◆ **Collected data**
- - -

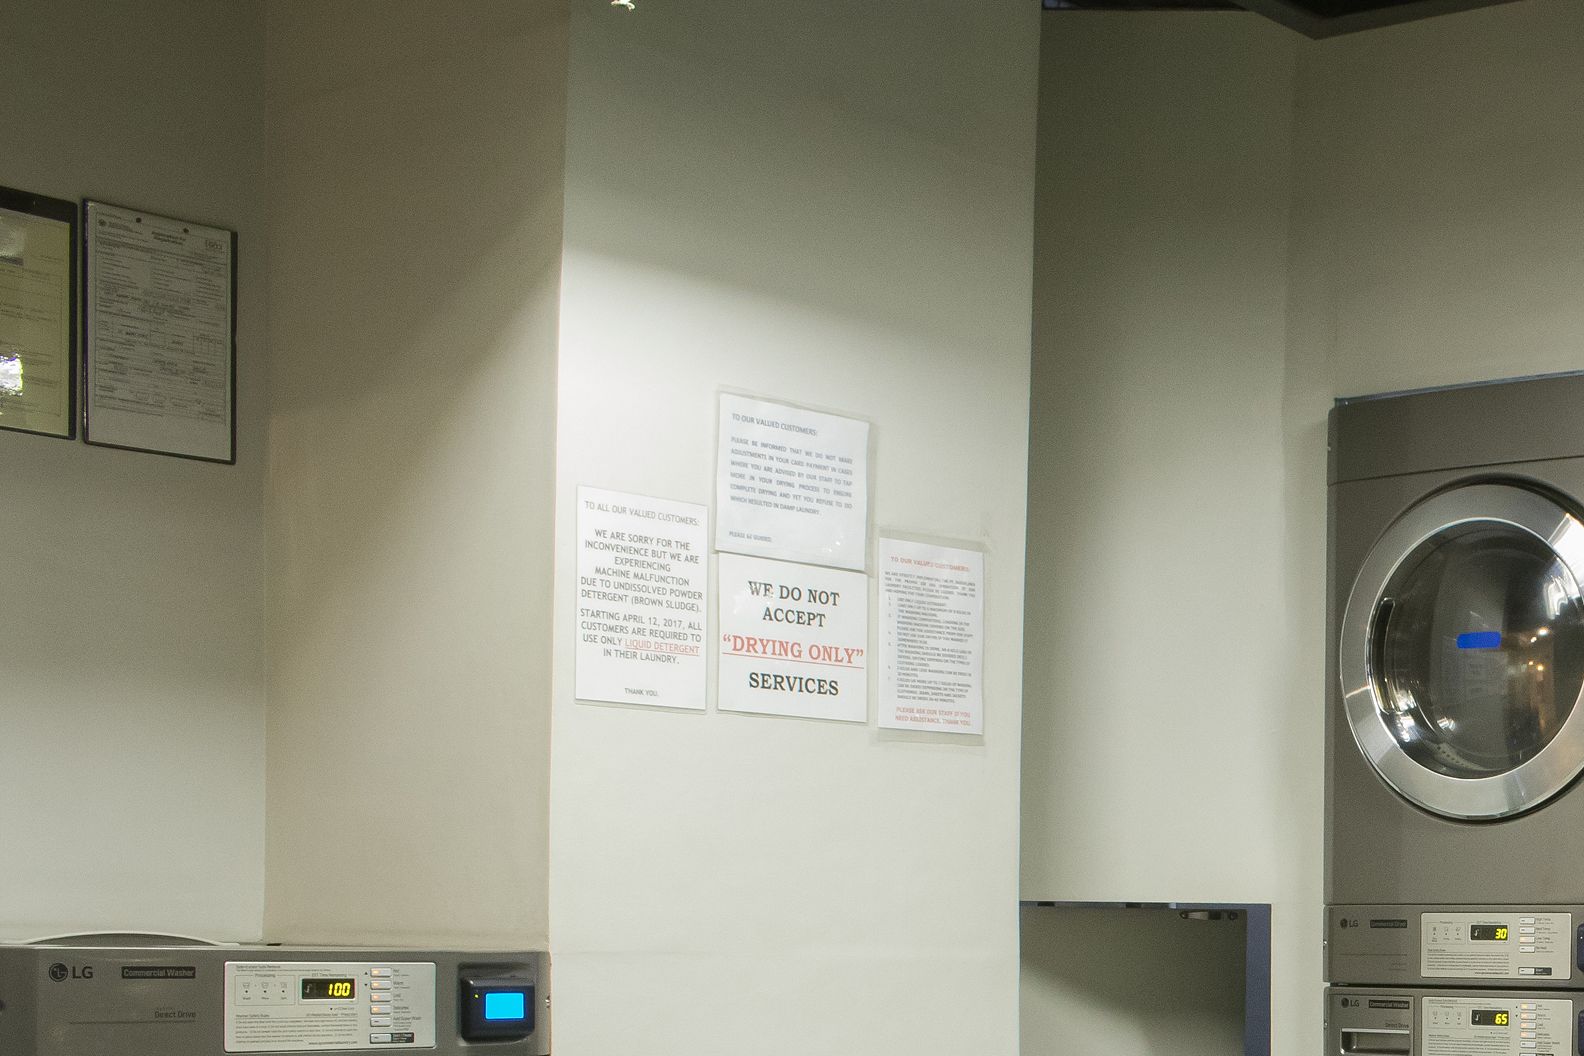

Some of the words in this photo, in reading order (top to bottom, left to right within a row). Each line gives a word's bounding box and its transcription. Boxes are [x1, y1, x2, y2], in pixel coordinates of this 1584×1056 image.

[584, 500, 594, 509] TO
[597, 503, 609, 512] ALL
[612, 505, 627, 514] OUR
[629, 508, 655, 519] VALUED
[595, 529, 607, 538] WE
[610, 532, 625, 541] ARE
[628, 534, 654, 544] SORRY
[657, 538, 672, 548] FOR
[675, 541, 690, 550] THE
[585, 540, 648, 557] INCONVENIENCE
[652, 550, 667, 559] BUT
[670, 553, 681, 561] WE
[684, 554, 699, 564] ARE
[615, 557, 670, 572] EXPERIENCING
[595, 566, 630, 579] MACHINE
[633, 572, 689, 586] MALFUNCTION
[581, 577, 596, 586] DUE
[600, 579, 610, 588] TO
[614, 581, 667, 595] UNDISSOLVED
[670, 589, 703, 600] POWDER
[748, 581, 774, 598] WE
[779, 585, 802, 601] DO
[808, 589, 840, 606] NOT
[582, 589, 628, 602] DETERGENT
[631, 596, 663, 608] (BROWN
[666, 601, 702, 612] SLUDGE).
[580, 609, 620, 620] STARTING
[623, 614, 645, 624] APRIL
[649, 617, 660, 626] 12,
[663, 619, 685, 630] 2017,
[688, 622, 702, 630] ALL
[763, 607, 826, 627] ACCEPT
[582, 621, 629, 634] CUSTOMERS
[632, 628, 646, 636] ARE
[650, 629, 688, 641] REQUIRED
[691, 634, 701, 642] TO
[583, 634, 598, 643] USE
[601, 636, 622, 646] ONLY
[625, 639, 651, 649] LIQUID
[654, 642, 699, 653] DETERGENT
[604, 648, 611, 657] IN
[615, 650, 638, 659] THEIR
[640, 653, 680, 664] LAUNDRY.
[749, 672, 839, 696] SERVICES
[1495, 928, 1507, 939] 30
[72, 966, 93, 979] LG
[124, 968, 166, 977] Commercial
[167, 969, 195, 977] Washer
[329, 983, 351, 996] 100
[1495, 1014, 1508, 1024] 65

- - -

◆ **Description of the task**
After dropping every picture, transcribe each entry exactly.

◆ **Response area**
Some of the words in this photo, in reading order (top to bottom, left to right within a row). Each line gives a word's bounding box and its transcription. Boxes are [x1, y1, x2, y2], in pixel coordinates of this 1584×1056 image.

[584, 500, 594, 509] TO
[597, 503, 609, 512] ALL
[612, 505, 627, 514] OUR
[629, 508, 655, 519] VALUED
[595, 529, 607, 538] WE
[610, 532, 625, 541] ARE
[628, 534, 654, 544] SORRY
[657, 538, 672, 548] FOR
[675, 541, 690, 550] THE
[585, 540, 648, 557] INCONVENIENCE
[652, 550, 667, 559] BUT
[670, 553, 681, 561] WE
[684, 554, 699, 564] ARE
[615, 557, 670, 572] EXPERIENCING
[595, 566, 630, 579] MACHINE
[633, 572, 689, 586] MALFUNCTION
[581, 577, 596, 586] DUE
[600, 579, 610, 588] TO
[614, 581, 667, 595] UNDISSOLVED
[670, 589, 703, 600] POWDER
[748, 581, 774, 598] WE
[779, 585, 802, 601] DO
[808, 589, 840, 606] NOT
[582, 589, 628, 602] DETERGENT
[631, 596, 663, 608] (BROWN
[666, 601, 702, 612] SLUDGE).
[580, 609, 620, 620] STARTING
[623, 614, 645, 624] APRIL
[649, 617, 660, 626] 12,
[663, 619, 685, 630] 2017,
[688, 622, 702, 630] ALL
[763, 607, 826, 627] ACCEPT
[582, 621, 629, 634] CUSTOMERS
[632, 628, 646, 636] ARE
[650, 629, 688, 641] REQUIRED
[691, 634, 701, 642] TO
[583, 634, 598, 643] USE
[601, 636, 622, 646] ONLY
[625, 639, 651, 649] LIQUID
[654, 642, 699, 653] DETERGENT
[604, 648, 611, 657] IN
[615, 650, 638, 659] THEIR
[640, 653, 680, 664] LAUNDRY.
[749, 672, 839, 696] SERVICES
[1495, 928, 1507, 939] 30
[72, 966, 93, 979] LG
[124, 968, 166, 977] Commercial
[167, 969, 195, 977] Washer
[329, 983, 351, 996] 100
[1495, 1014, 1508, 1024] 65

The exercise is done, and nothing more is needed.